According to a Reuters report, Binance, the world’s largest cryptocurrency exchange, has been accused of commingling customer funds with company revenue in breach of U.S. financial rules that require customer money to be kept separate.
Three sources familiar with the matter told Reuters that the commingling happened almost daily in accounts the exchange held at U.S. lender Silvergate Bank, with sums running into billions of dollars. While Reuters couldn’t independently verify the figures or frequency, the news agency reviewed a bank record showing that on Feb. 10, 2021, Binance mixed $20 million from a corporate account with $15 million from an account that received customer money.
Binance’s Trustworthiness Questioned?
The commingling of funds at Binance has raised concerns about a lack of internal controls to ensure that customer funds were identifiable and segregated from company revenues. Three former U.S. regulators have warned that the commingling of these funds put client assets at risk by obscuring their whereabouts.
John Reed Stark, a former chief of the Securities and Exchange Commission’s Office of Internet Enforcement, said Binance customers shouldn’t “need a forensic accountant to find where their money is.”
It’s worth noting that Reuters found no evidence that Binance client monies were lost or taken. However, the commingling of funds could still cause concern for customers who want to ensure their assets are safe and secure.
SEC chair Gary Gensler has previously said that many crypto exchanges offering securities to U.S. customers are not complying with laws requiring registered broker-dealers to safeguard client money by separating it from corporate assets.
Despite publicly claiming to restrict access to Americans, Binance has also faced allegations that it allowed U.S. customers to trade on its platform from 2019 to this year. In March, the U.S. Commodity Futures Trading Commission (CFTC) filed a complaint against the exchange, alleging that it allowed U.S. customers to trade derivatives without registering with the agency. Binance responded in a blog that it blocks U.S. users.

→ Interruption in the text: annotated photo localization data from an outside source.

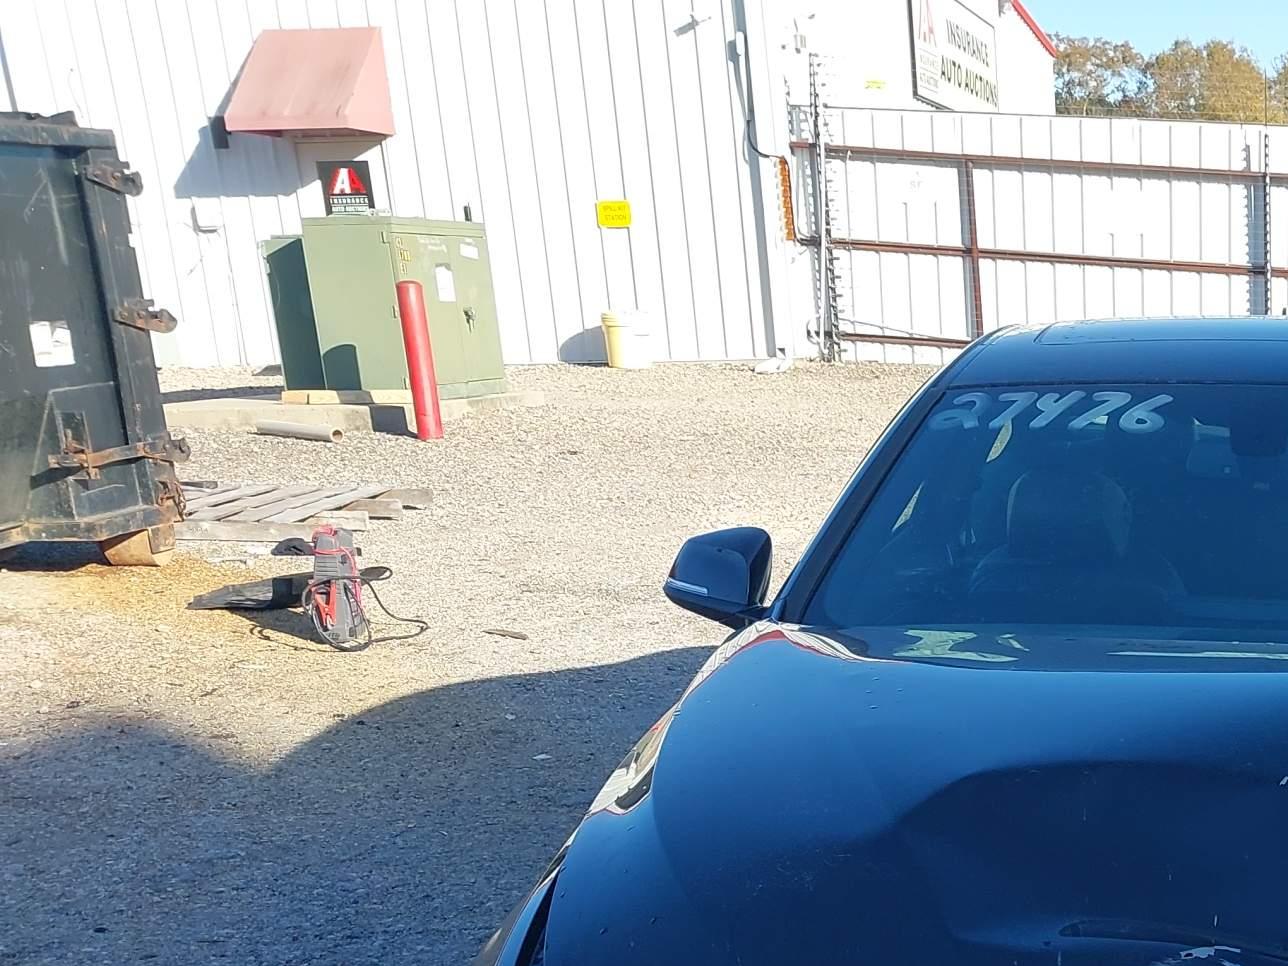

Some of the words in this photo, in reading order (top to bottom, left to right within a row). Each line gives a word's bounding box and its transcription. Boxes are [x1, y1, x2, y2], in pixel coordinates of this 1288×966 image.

[945, 18, 989, 67] INSURANCE
[941, 55, 963, 88] AUTO
[964, 66, 998, 108] AUCTIONS
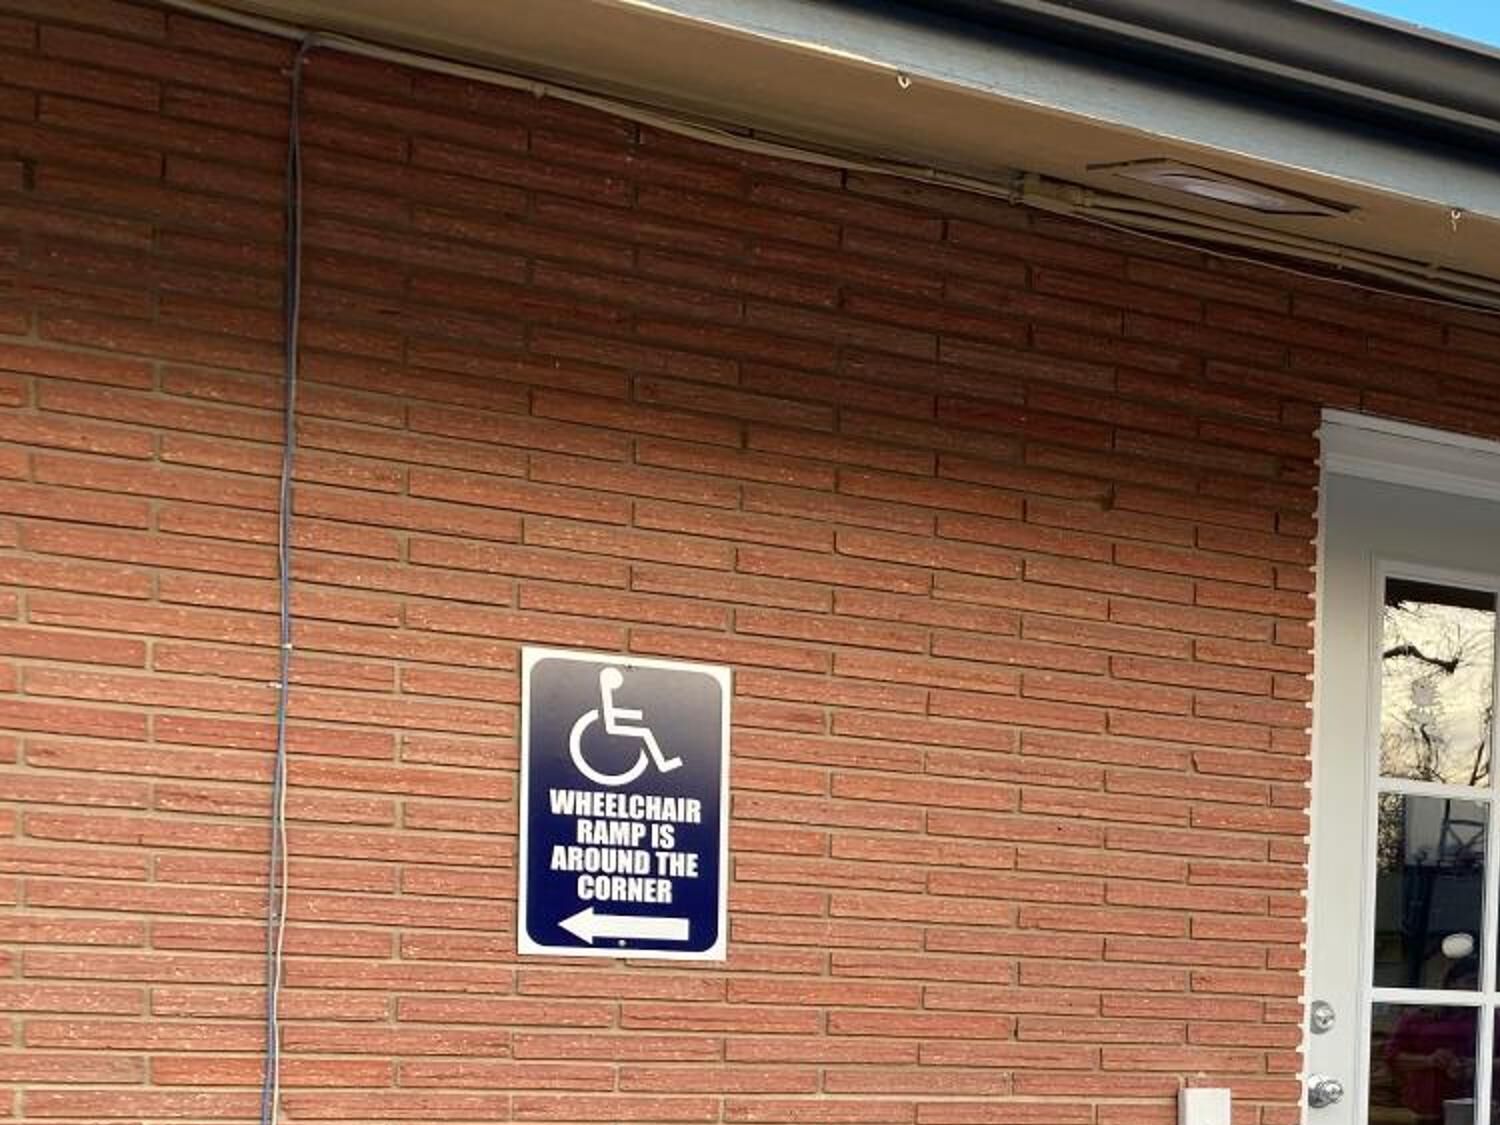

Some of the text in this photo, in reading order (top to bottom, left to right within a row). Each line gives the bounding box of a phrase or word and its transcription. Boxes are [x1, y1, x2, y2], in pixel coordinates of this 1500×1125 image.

[549, 789, 702, 823] WHEELCHAIR
[577, 819, 675, 849] RAMP IS
[550, 846, 698, 877] AROUND THE
[577, 874, 672, 904] CORNER
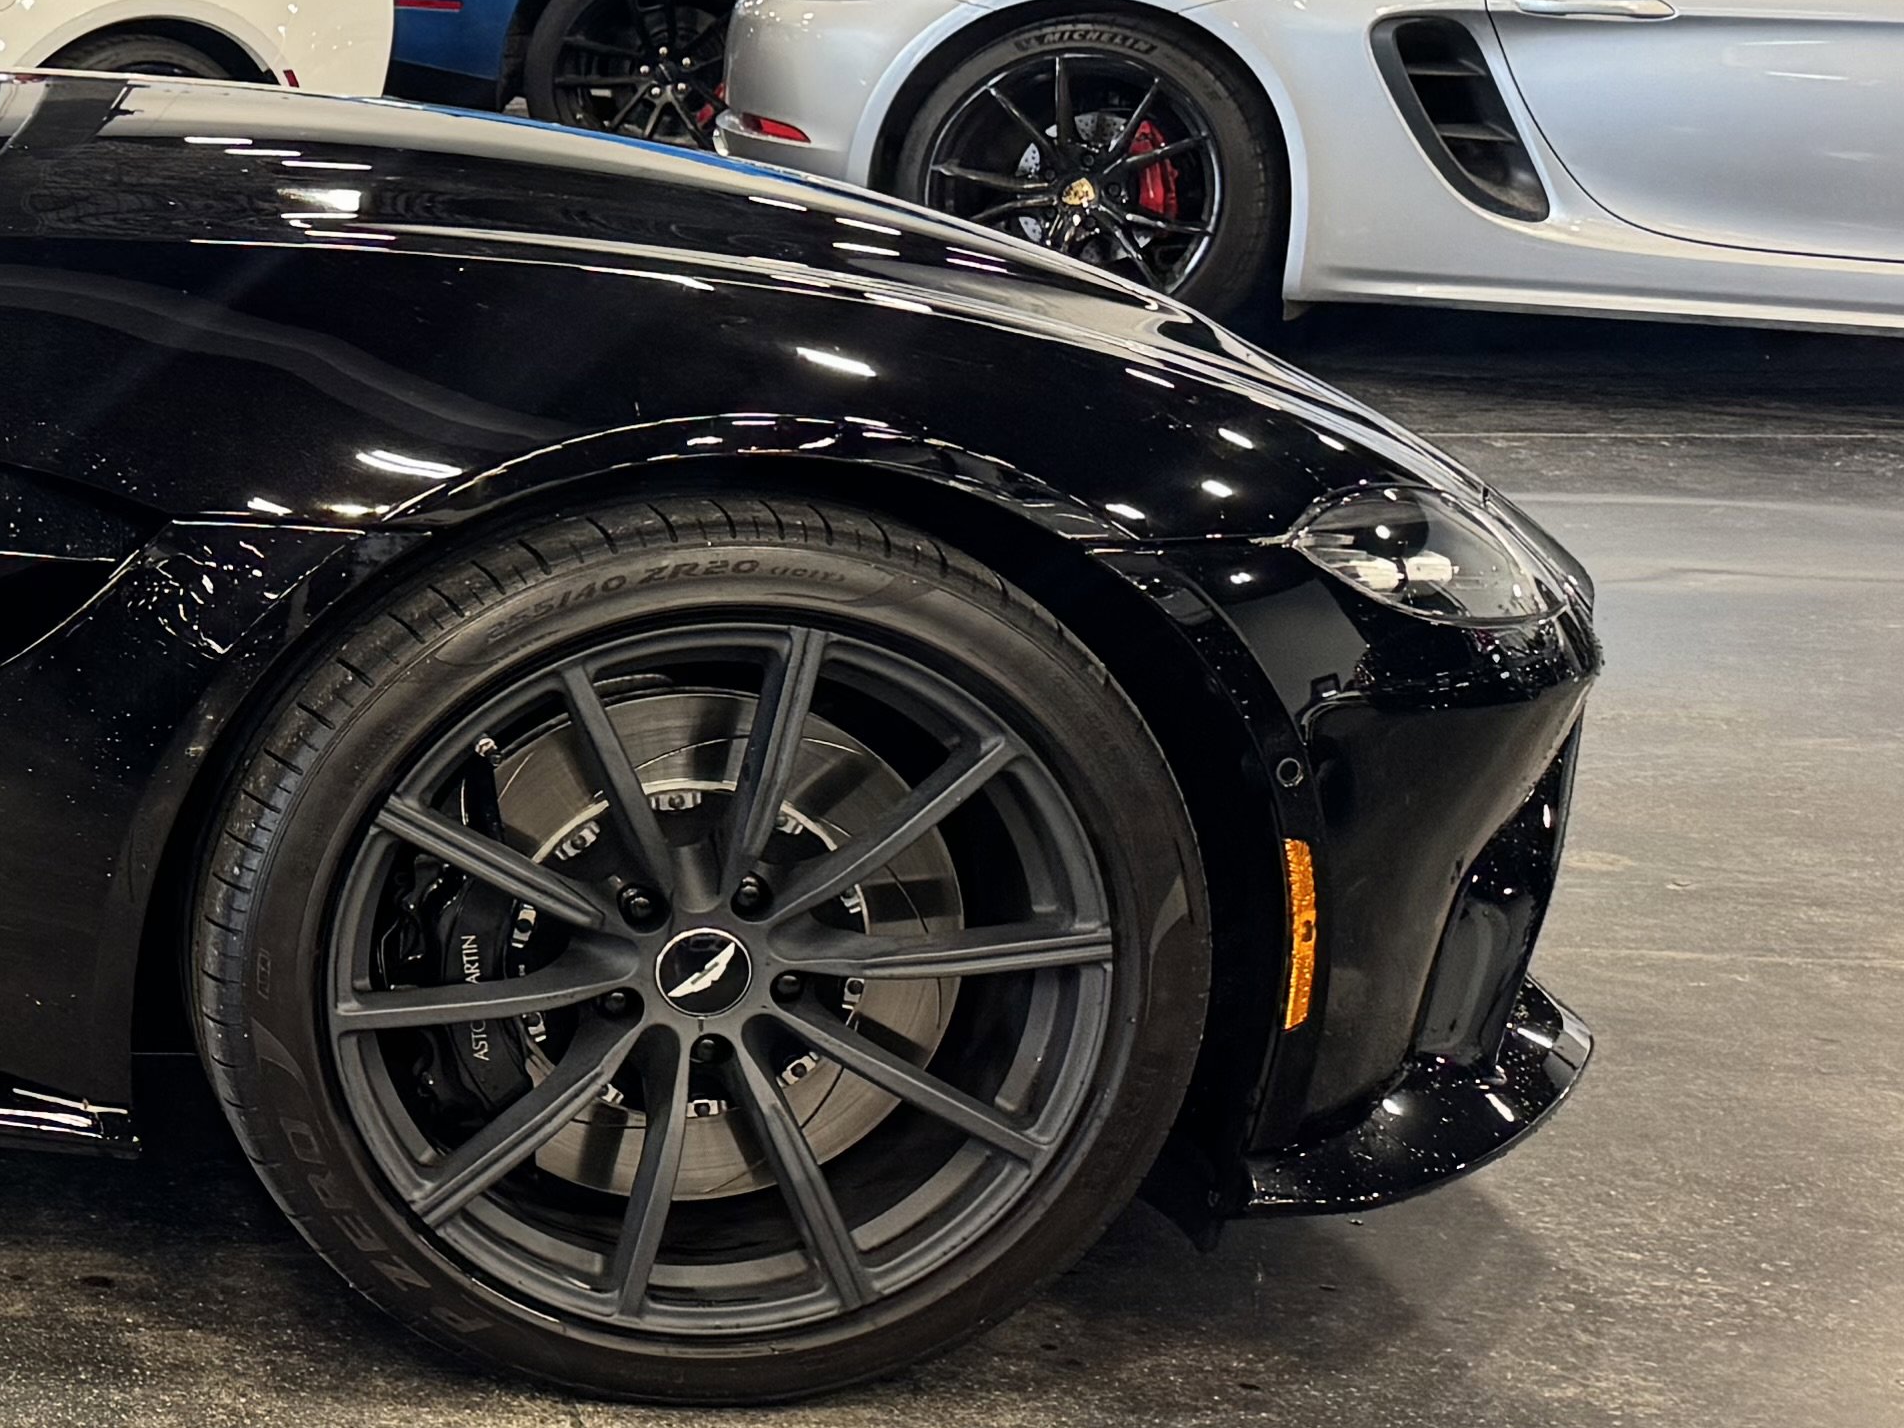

Binance Denies WrongdoingAccording to a statement made to Reuters by Binance spokesperson Brad Jaffe, the accounts in question were not used to accept user deposits but to facilitate user purchases of the exchange’s bespoke dollar-linked crypto-token, BUSD. However, former US regulators have disputed the explanation, saying that it is undermined by Binance’s previous representations to customers that the transfers were deposits.
From late 2020 to 2021, Binance’s website told customers that their dollar transfers were “deposits” that would be “credited” to their trading accounts in BUSD. Customers were told they could “withdraw” their deposits as dollars. The former regulators argue that these representations created the expectation that clients’ funds would be safeguarded like traditional cash deposits.
How Binance will respond to the allegations of commingling of customer and company funds remains to be seen. However, according to Reuters, the former US regulators argue that the exchange’s explanation is insufficient and that the representations made to customers created the expectation that their funds would be safeguarded like traditional cash deposits.